> Text-to-region grounding data
_____
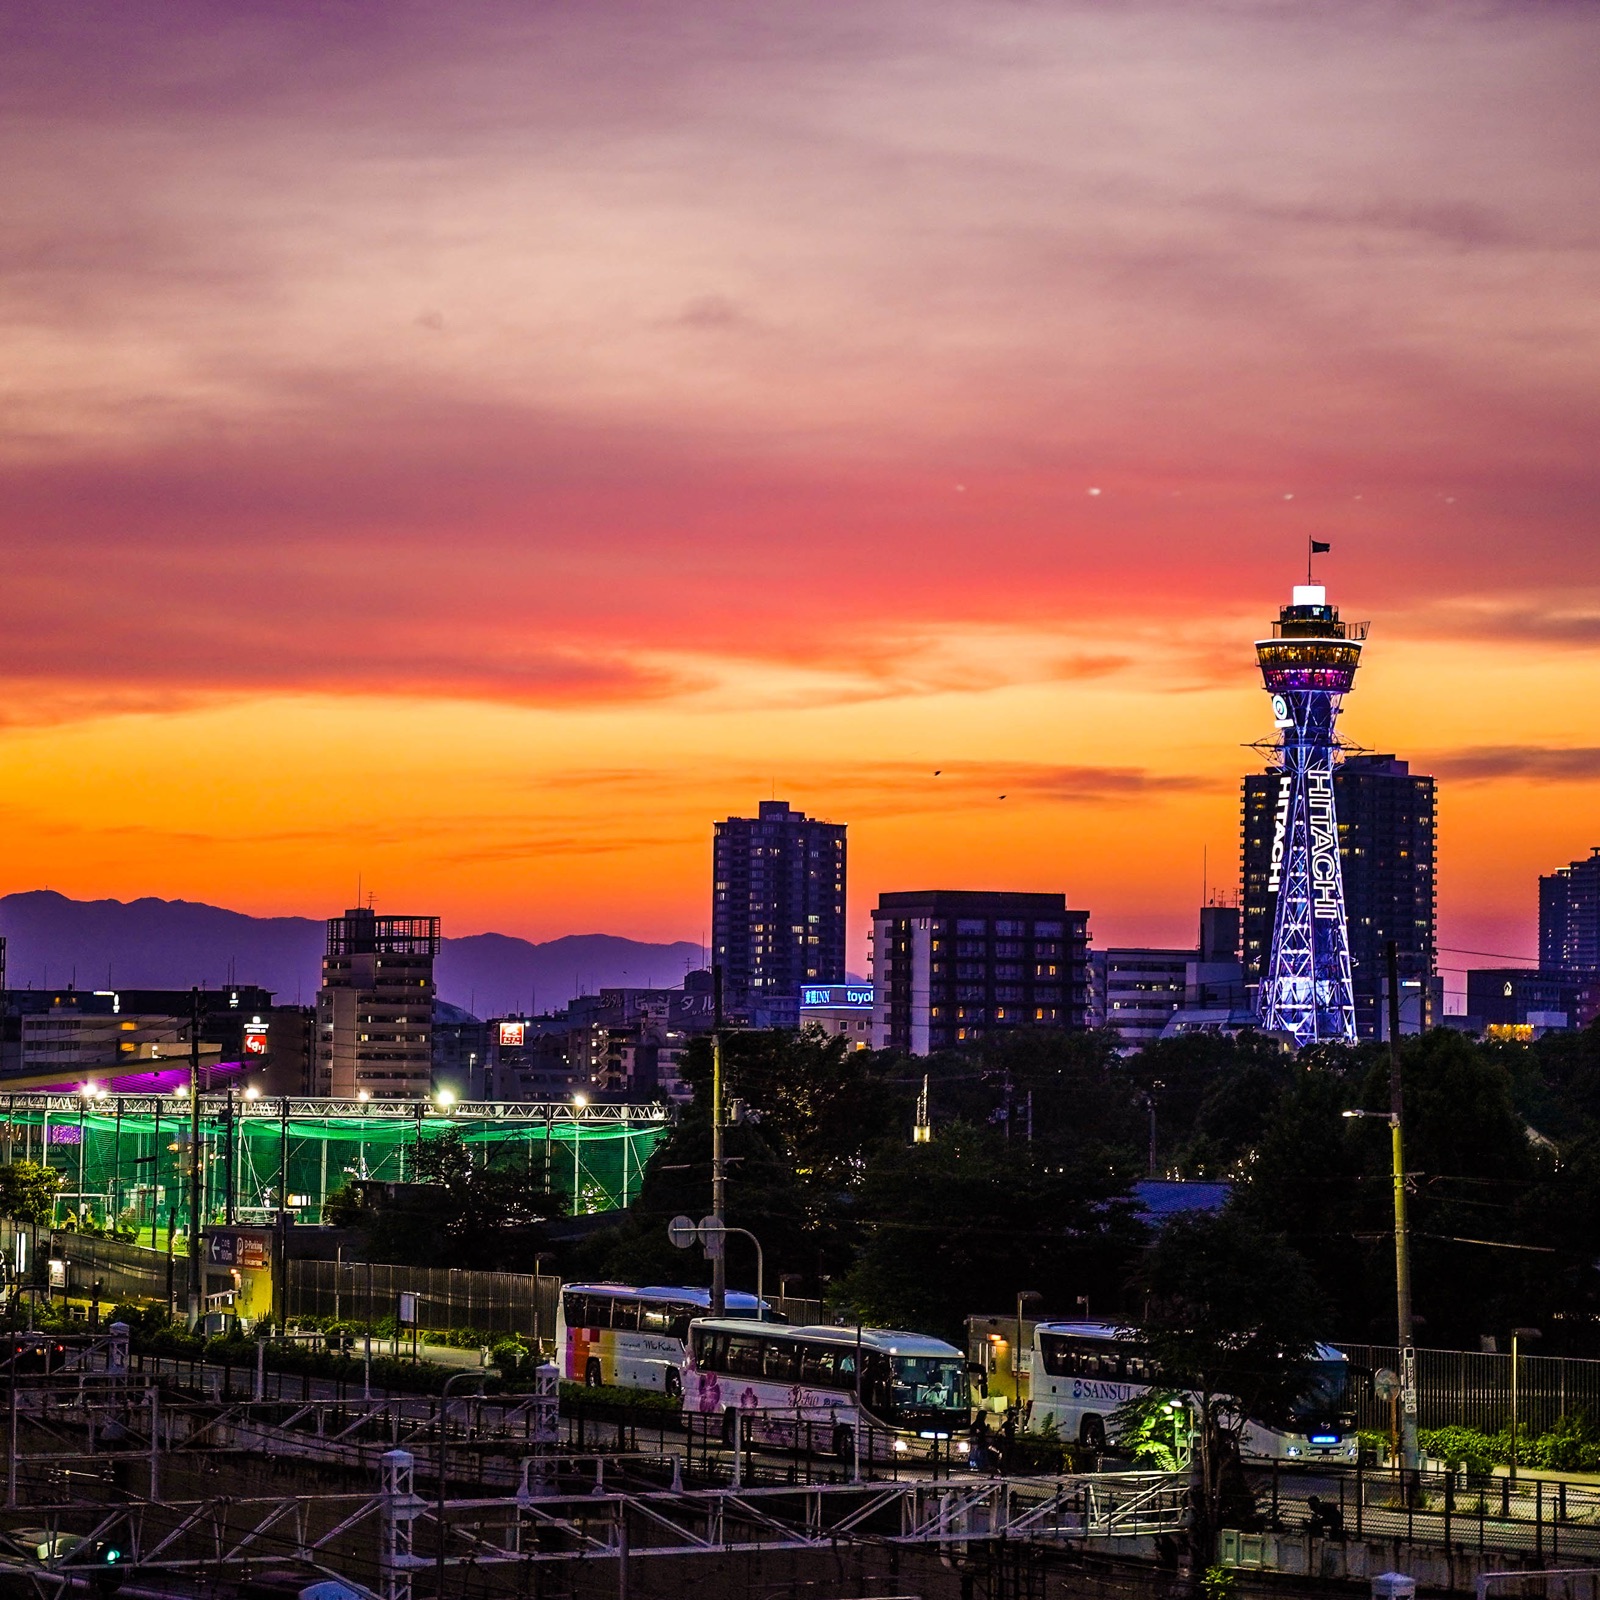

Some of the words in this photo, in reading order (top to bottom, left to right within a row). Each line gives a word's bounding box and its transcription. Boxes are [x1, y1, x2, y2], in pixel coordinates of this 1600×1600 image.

[1268, 777, 1291, 892] HITACHI
[1308, 770, 1338, 919] HITACHI
[38, 1145, 61, 1153] GRDEN
[1083, 1381, 1131, 1401] SANSUI
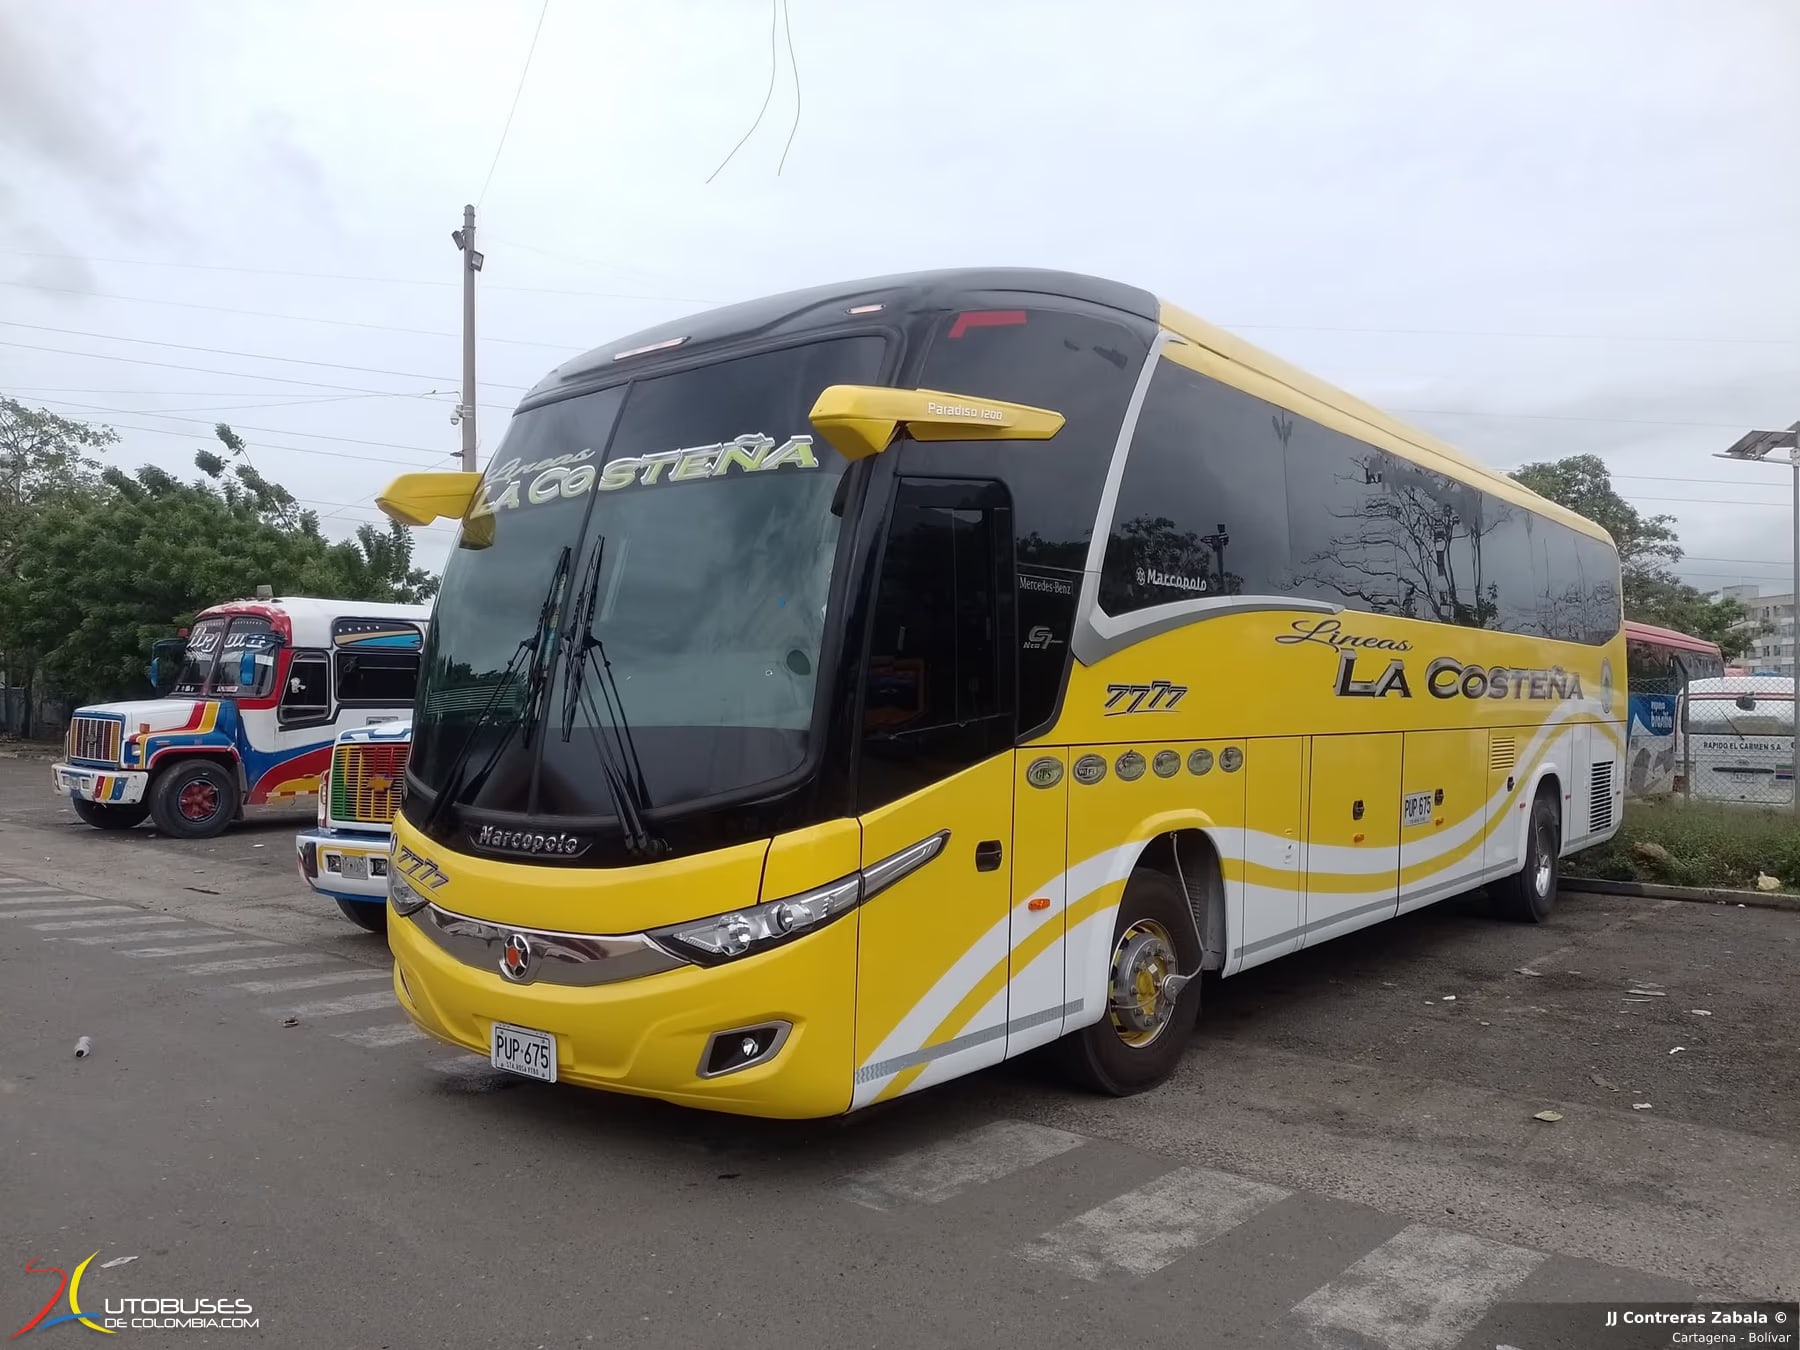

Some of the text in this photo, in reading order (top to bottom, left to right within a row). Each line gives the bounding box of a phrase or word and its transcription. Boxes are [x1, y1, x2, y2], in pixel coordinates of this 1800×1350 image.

[928, 402, 1003, 420] Paradiso 1200
[470, 432, 820, 520] LA COSTEÑA
[1019, 576, 1072, 595] Mercedes-Benz
[1147, 569, 1207, 592] Marcopolo
[1104, 680, 1188, 714] 7777
[1703, 741, 1728, 750] RAPIDO
[1739, 742, 1769, 751] CARMEN
[478, 824, 578, 855] Marcopolo
[398, 845, 449, 889] 7777
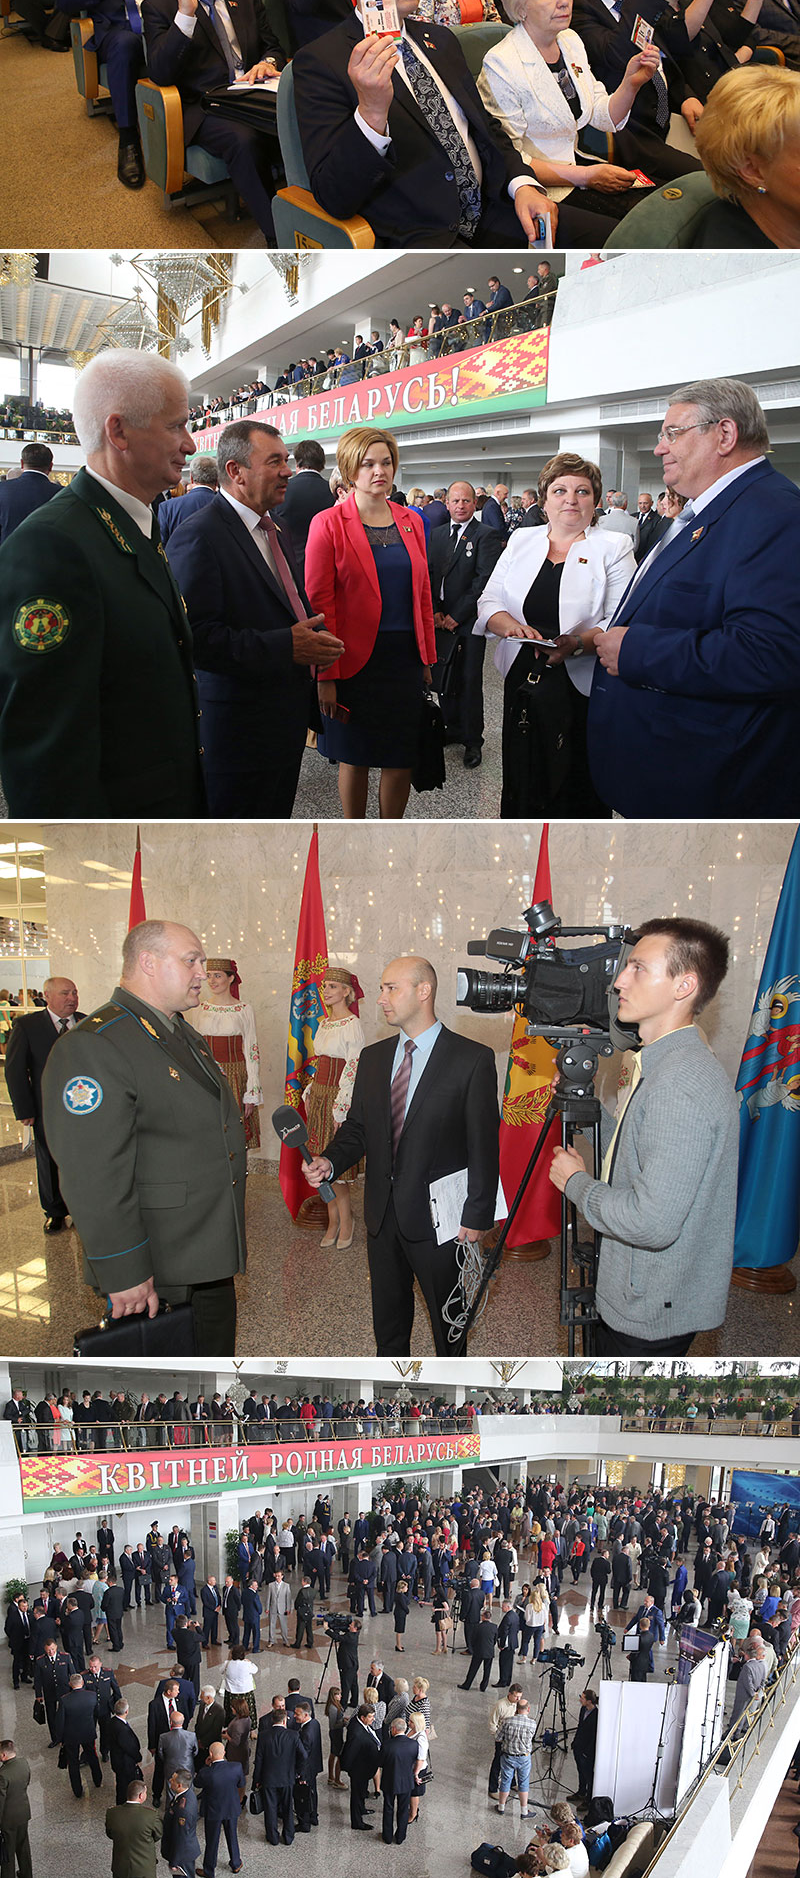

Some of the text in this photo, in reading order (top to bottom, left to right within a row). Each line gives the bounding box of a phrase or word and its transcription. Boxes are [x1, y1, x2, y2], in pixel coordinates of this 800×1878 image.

[306, 366, 460, 433] БЕЛАРУСЬ!
[98, 1440, 458, 1495] КВІТНЕЙ, РОДНАЯ БЕЛАРУСЬ!
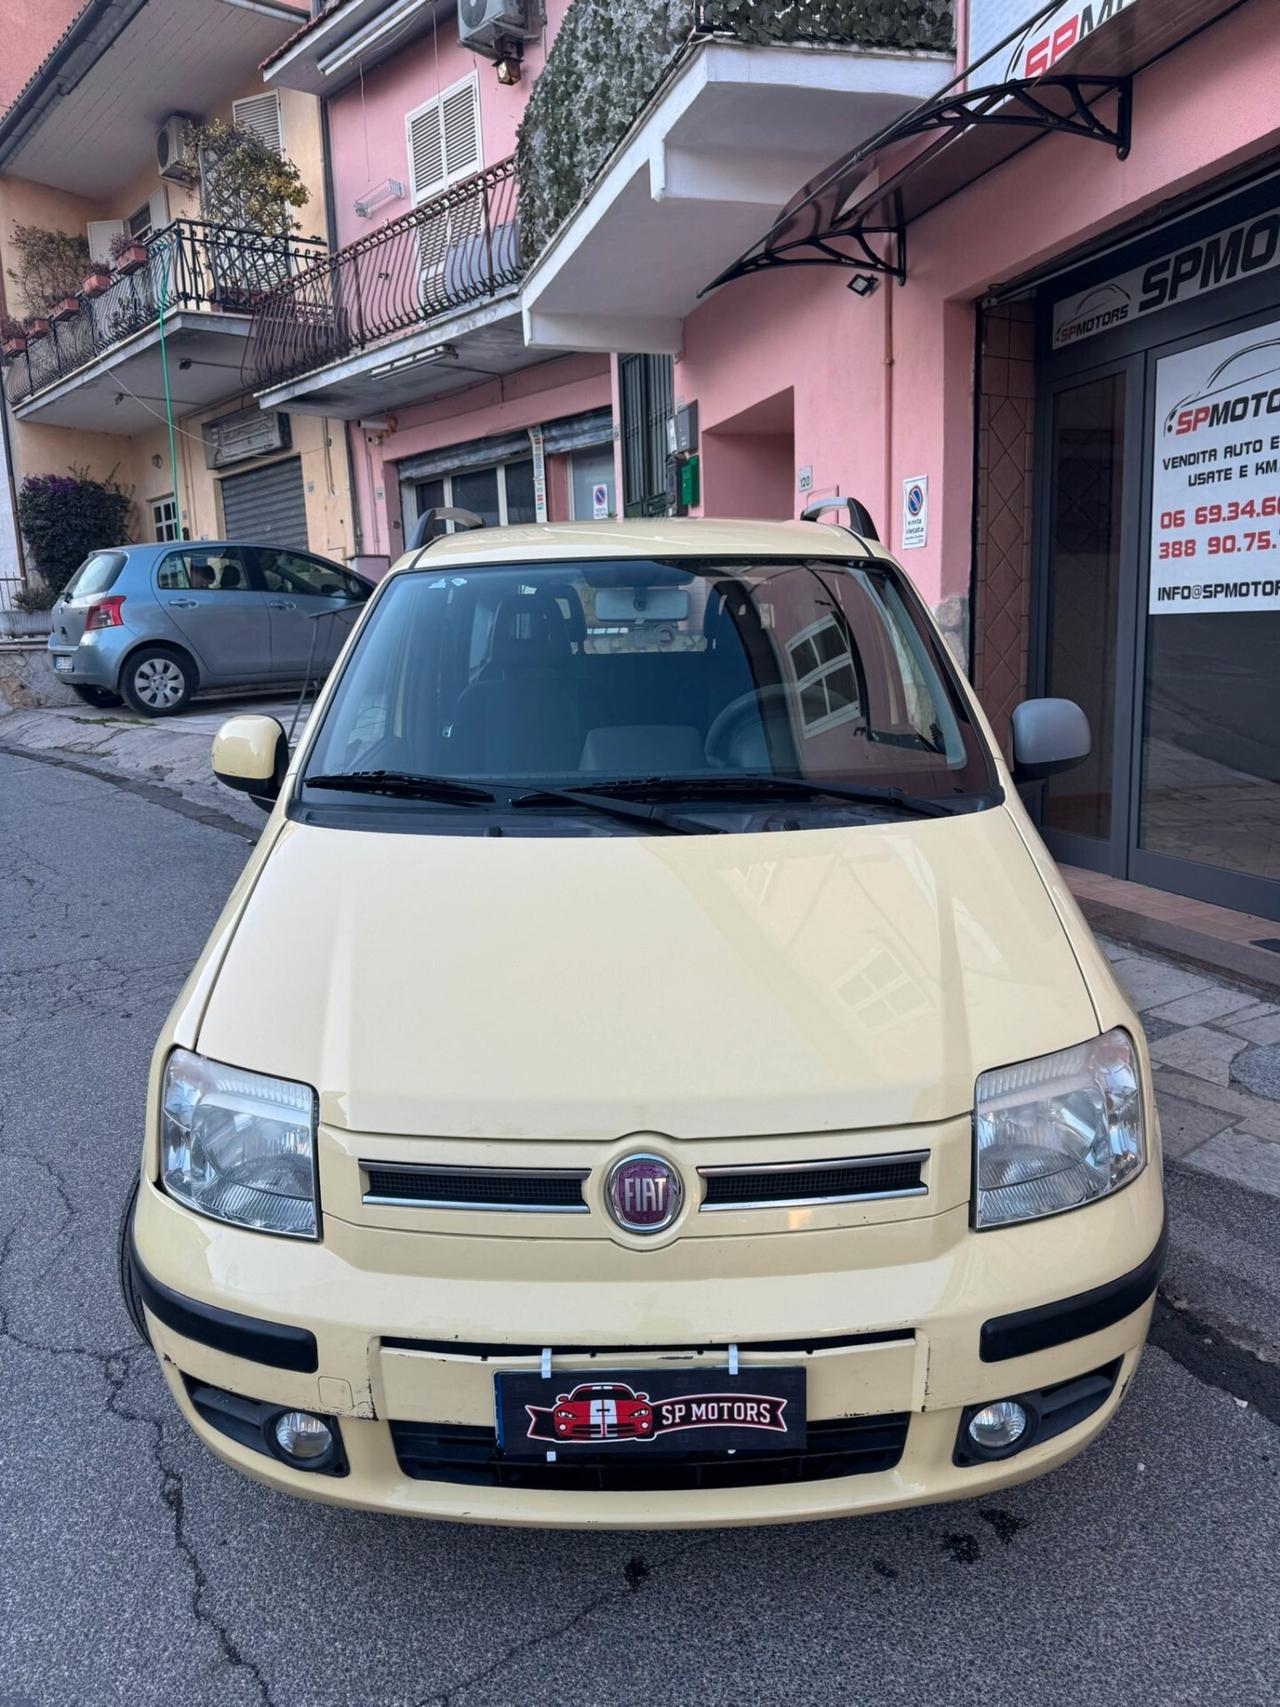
_____
> Exercise
Your copy must repeat the data word for word and show none of its images.

> Solution to the exercise
Some of the words in this photo, in reading order (top to bottom, left to right within a row). Each line gives a word's bounding box and its transcription. Boxes are [x1, y1, x2, y2], in pixel coordinates of this 1600×1600 image.

[1268, 777, 1291, 892] HITACHI
[1308, 770, 1338, 919] HITACHI
[38, 1145, 61, 1153] GRDEN
[1083, 1381, 1131, 1401] SANSUI

Some of the text in this photo, in reading order (top to bottom, left to right within a row). Each line gives the bounding box of a phrase or word and its transcription. Boxes are [x1, y1, x2, y2], in pixel coordinates of this 1800×1350 image.

[928, 402, 1003, 420] Paradiso 1200
[470, 432, 820, 520] LA COSTEÑA
[1019, 576, 1072, 595] Mercedes-Benz
[1147, 569, 1207, 592] Marcopolo
[1104, 680, 1188, 714] 7777
[1703, 741, 1728, 750] RAPIDO
[1739, 742, 1769, 751] CARMEN
[478, 824, 578, 855] Marcopolo
[398, 845, 449, 889] 7777

Some of the text in this photo, in reading order (top to bottom, left to right within a row). Each line gives the bounding box of a phrase or word and its transcription. Boxes are [x1, y1, x2, y2], in pixel coordinates of this 800×1878 image.

[306, 366, 460, 433] БЕЛАРУСЬ!
[98, 1440, 458, 1495] КВІТНЕЙ, РОДНАЯ БЕЛАРУСЬ!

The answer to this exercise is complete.